-- Extracted records follows --

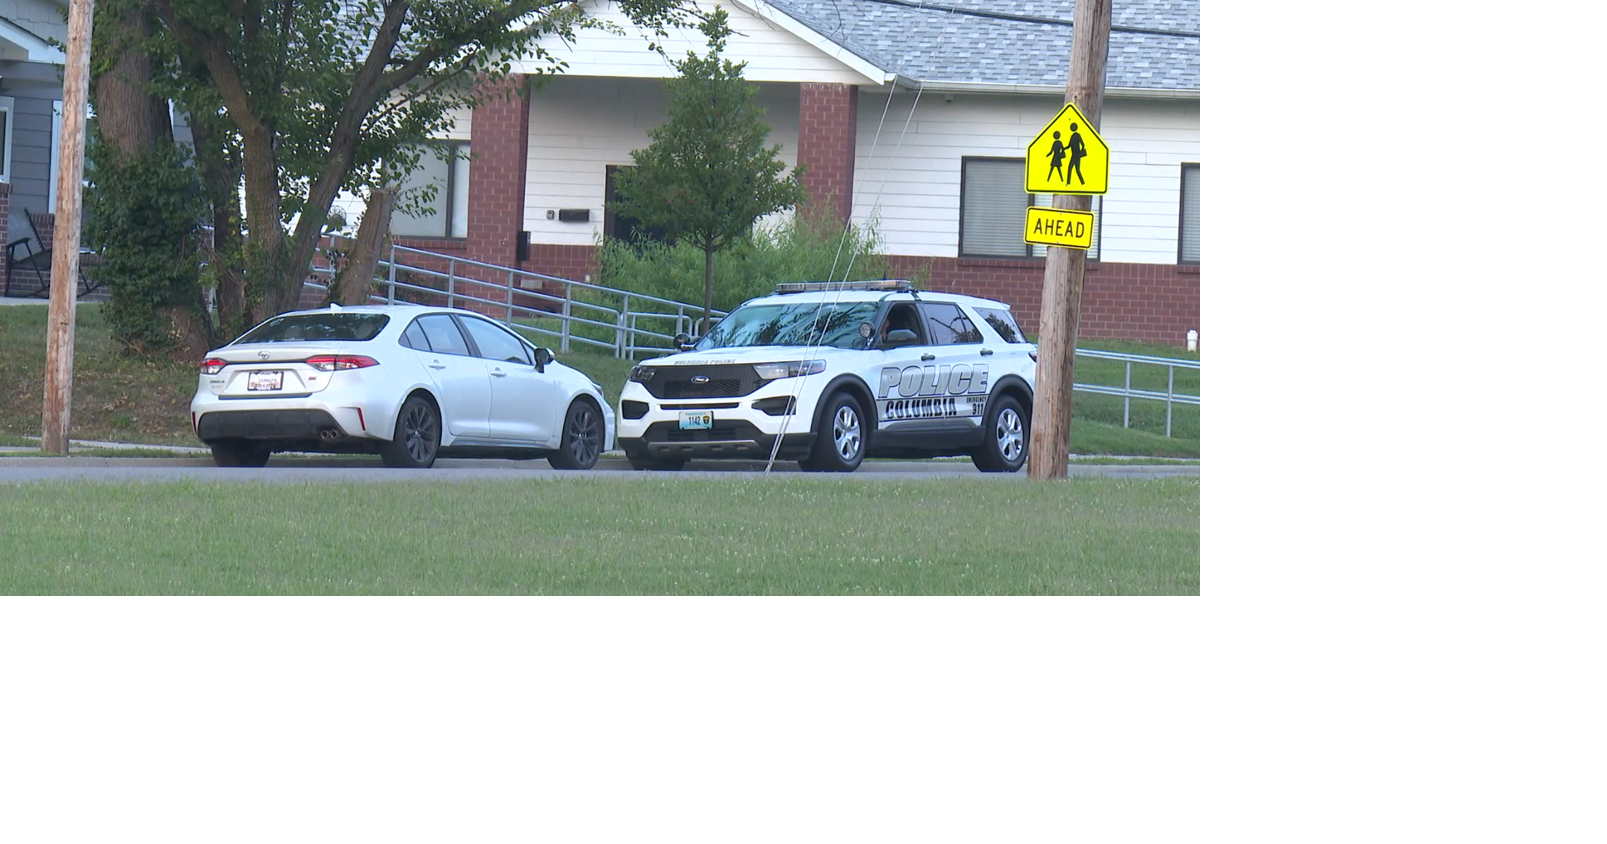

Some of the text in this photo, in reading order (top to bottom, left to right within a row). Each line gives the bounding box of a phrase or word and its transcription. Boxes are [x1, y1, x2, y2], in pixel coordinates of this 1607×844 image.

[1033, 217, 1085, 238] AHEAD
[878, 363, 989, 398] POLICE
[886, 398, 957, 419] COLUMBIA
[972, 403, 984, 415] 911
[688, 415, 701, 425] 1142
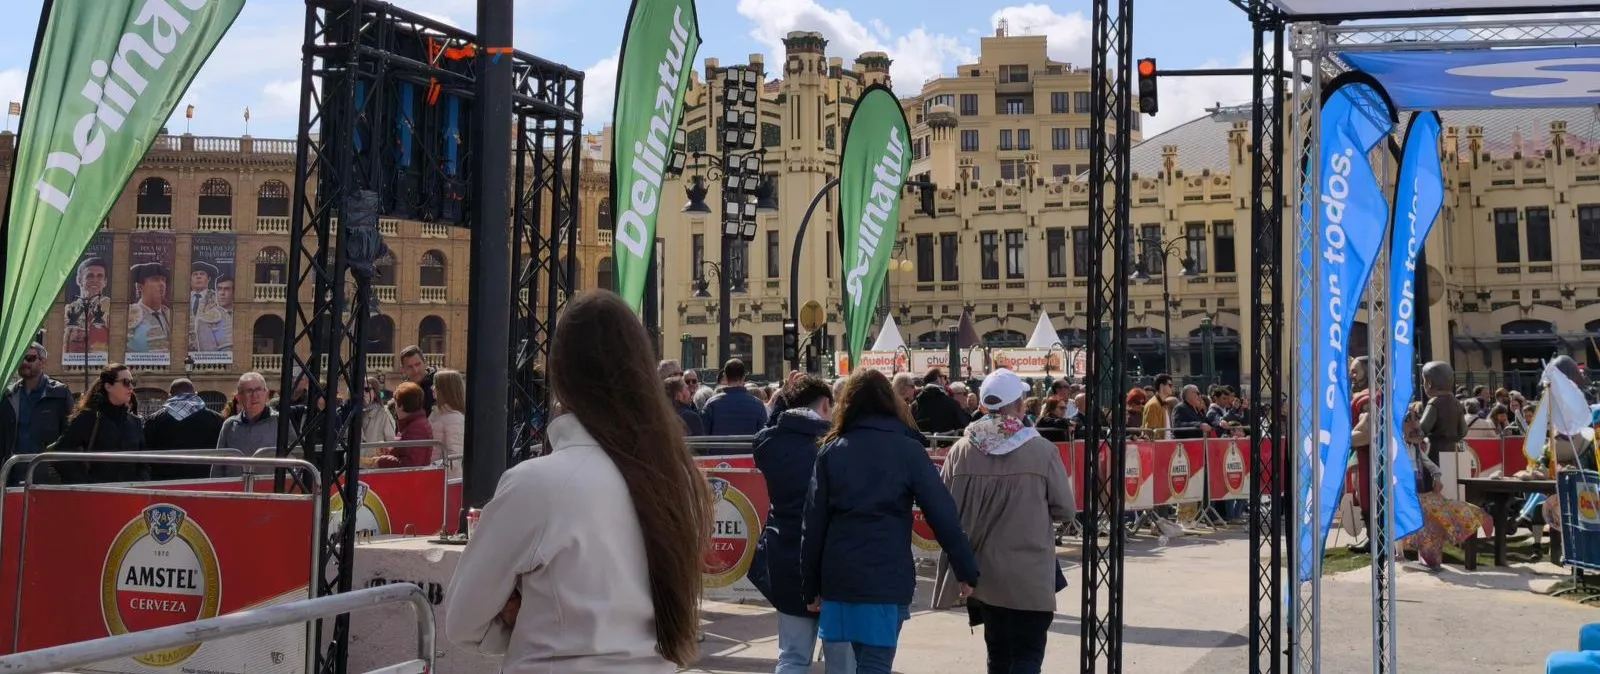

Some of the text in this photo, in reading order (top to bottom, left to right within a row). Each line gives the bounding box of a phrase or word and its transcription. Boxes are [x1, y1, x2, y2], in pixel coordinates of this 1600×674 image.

-- Extracted records concluded --

▶ **The problem**
The records above must all be output exactly. Omit the images.

▶ **Task output**
Some of the text in this photo, in reading order (top to bottom, left to right within a row). Each line gives the bounding box of a phrase or word and its transcription. Boxes are [x1, y1, x2, y2], in pixel coordinates of this 1607×844 image.

[1033, 217, 1085, 238] AHEAD
[878, 363, 989, 398] POLICE
[886, 398, 957, 419] COLUMBIA
[972, 403, 984, 415] 911
[688, 415, 701, 425] 1142

Some of the text in this photo, in reading order (top to bottom, left to right within a row). Each line gives the bounding box of a phrase or word and its transcription. Boxes are [x1, y1, x2, y2], in pixel coordinates of this 1600×674 image.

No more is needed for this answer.